Es ist aus heutiger Sicht schwer vorstellbar, wie es Maria Theresia angesichts dieser zeitin­ten­siven und ambitio­nierten Staats­füh­rung gelungen ist, sechzehn Kinder zur Welt zu bringen. Dies zog darüber hinaus weitere politi­sche Bemühungen nach sich, da eine gute Verhei­ra­tung der elf Töchter eine wichtige Rolle in der Außen­po­litik spielte. Viele Nachkommen waren eine politi­sche Notwen­dig­keit und das persön­liche Schicksal der damals häufigen Kinder- und Jugend­s­terb­lich­keit konnte auch diesbe­züg­lich große Probleme verur­sa­chen, was am folgenden Beispiel deutlich wird: Nachdem die bereits in frühem Kindes­alter mit Ferdinand I. König von Neapel und Sizilien verlobte Tochter Johanna Gabriela im Alter von 12 Jahren starb, verlobte man kurzer­hand die ein Jahr jüngere Maria Josepha mit ihm.
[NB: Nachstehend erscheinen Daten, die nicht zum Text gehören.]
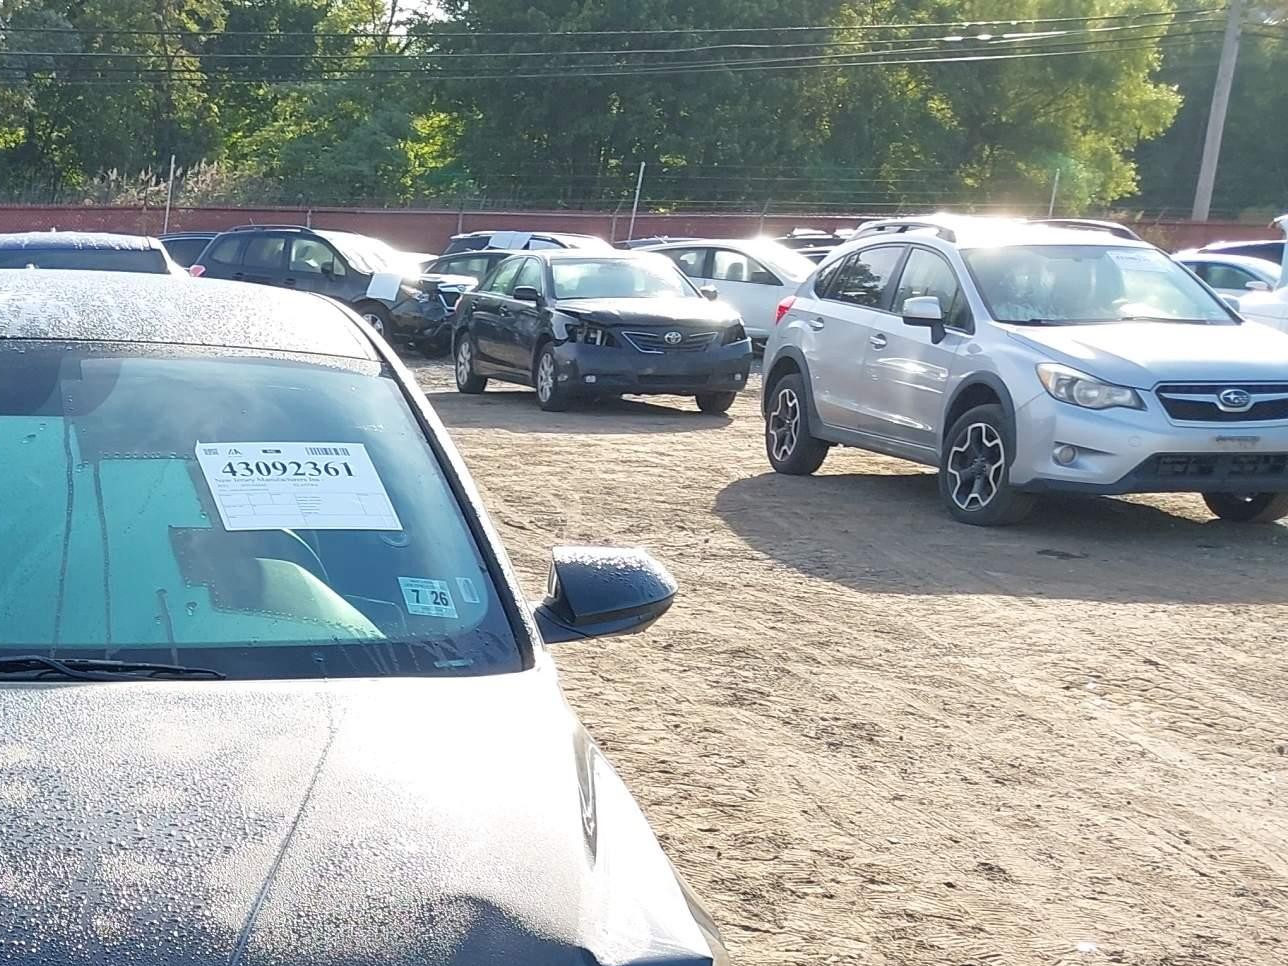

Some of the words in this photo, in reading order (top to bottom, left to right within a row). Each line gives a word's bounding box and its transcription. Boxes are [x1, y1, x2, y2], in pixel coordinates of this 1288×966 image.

[222, 461, 354, 477] 43092361
[411, 589, 420, 604] 7
[431, 590, 449, 607] 26
Doch auch sie starb wenige Jahre darauf und erst die wiederum ein Jahr jüngere Maria Karolina wurde schließ­lich seine Ehefrau und die Verbin­dung der beiden Familien konnte gestärkt werden.

Die Eheschlie­ßungen bedeu­teten trotz dieser politi­schen Dimension für Maria Theresia nicht den Abbruch der Bezie­hungen zu ihren Kindern. Vor allem durch die beratende Korre­spon­denz mit ihrer Tochter Marie Antoi­nette, die mit Ludwig XVI. von Frank­reich verhei­ratet war, ist belegt, dass sie sich für deren Schicksal inter­es­sierte – persön­lich und politisch. Maria Theresia trat bezüglich ihrer Heirats­po­litik der Kinder zwar nicht als liebe­volle Mutter sondern als unnach­gie­bige Staats­frau auf, dies war jedoch typisch für ihre Zeit, die wenig nach dem privaten Glück des Einzelnen fragte. Dass Maria Theresia dies als gegeben akzep­tierte, obwohl sie selbst nach eigener Aussage durch starke Liebe mit ihrem Mann verbunden war, zeigt, wie hoch sie ihre Verant­wor­tung als Regentin bewertete. Dies ist auch einer der Gründe dafür, dass sich die dem Tod ihres Mannes 1765 folgende Mitre­gent­schaft ihres Sohnes Josephs II. schwierig gestal­tete. Neuerungen, die weniger stark auf dem für sie unerschüt­ter­lich wichtigen katho­li­schen Glauben beruhten, blieben für die mittler­weile fast 50-jährige Maria Theresia unver­ständ­lich. Bis zu ihrem Tod 1780 behielt sie daher die Regierung weitge­hend in den eigenen Händen.